## What this task involves
Line by line, write out the material exactly.

------------------------------------------------------------

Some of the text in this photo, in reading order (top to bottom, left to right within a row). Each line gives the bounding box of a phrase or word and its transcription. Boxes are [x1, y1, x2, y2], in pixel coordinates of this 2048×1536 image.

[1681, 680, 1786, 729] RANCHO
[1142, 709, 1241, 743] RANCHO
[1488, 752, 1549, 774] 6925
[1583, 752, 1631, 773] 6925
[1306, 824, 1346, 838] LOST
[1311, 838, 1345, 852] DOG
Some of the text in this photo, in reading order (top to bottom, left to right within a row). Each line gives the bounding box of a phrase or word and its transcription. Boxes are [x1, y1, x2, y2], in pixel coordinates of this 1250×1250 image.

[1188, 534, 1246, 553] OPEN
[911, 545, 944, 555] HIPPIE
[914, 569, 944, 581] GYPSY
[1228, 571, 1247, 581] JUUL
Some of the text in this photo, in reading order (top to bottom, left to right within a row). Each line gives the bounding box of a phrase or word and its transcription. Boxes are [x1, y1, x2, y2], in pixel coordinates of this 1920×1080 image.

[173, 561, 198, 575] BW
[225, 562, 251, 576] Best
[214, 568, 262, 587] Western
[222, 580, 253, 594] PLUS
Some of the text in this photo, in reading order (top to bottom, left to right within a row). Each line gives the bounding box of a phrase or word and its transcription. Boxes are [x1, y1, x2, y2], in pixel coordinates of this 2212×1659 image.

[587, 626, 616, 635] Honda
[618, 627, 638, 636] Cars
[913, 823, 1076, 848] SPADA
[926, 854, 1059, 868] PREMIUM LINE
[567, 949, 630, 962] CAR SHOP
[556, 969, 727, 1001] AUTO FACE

------------------------------------------------------------

## Exercise answer
Some of the text in this photo, in reading order (top to bottom, left to right within a row). Each line gives the bounding box of a phrase or word and its transcription. Boxes are [x1, y1, x2, y2], in pixel coordinates of this 2048×1536 image.

[1681, 680, 1786, 729] RANCHO
[1142, 709, 1241, 743] RANCHO
[1488, 752, 1549, 774] 6925
[1583, 752, 1631, 773] 6925
[1306, 824, 1346, 838] LOST
[1311, 838, 1345, 852] DOG
Some of the text in this photo, in reading order (top to bottom, left to right within a row). Each line gives the bounding box of a phrase or word and its transcription. Boxes are [x1, y1, x2, y2], in pixel coordinates of this 1250×1250 image.

[1188, 534, 1246, 553] OPEN
[911, 545, 944, 555] HIPPIE
[914, 569, 944, 581] GYPSY
[1228, 571, 1247, 581] JUUL
Some of the text in this photo, in reading order (top to bottom, left to right within a row). Each line gives the bounding box of a phrase or word and its transcription. Boxes are [x1, y1, x2, y2], in pixel coordinates of this 1920×1080 image.

[173, 561, 198, 575] BW
[225, 562, 251, 576] Best
[214, 568, 262, 587] Western
[222, 580, 253, 594] PLUS
Some of the text in this photo, in reading order (top to bottom, left to right within a row). Each line gives the bounding box of a phrase or word and its transcription. Boxes are [x1, y1, x2, y2], in pixel coordinates of this 2212×1659 image.

[587, 626, 616, 635] Honda
[618, 627, 638, 636] Cars
[913, 823, 1076, 848] SPADA
[926, 854, 1059, 868] PREMIUM LINE
[567, 949, 630, 962] CAR SHOP
[556, 969, 727, 1001] AUTO FACE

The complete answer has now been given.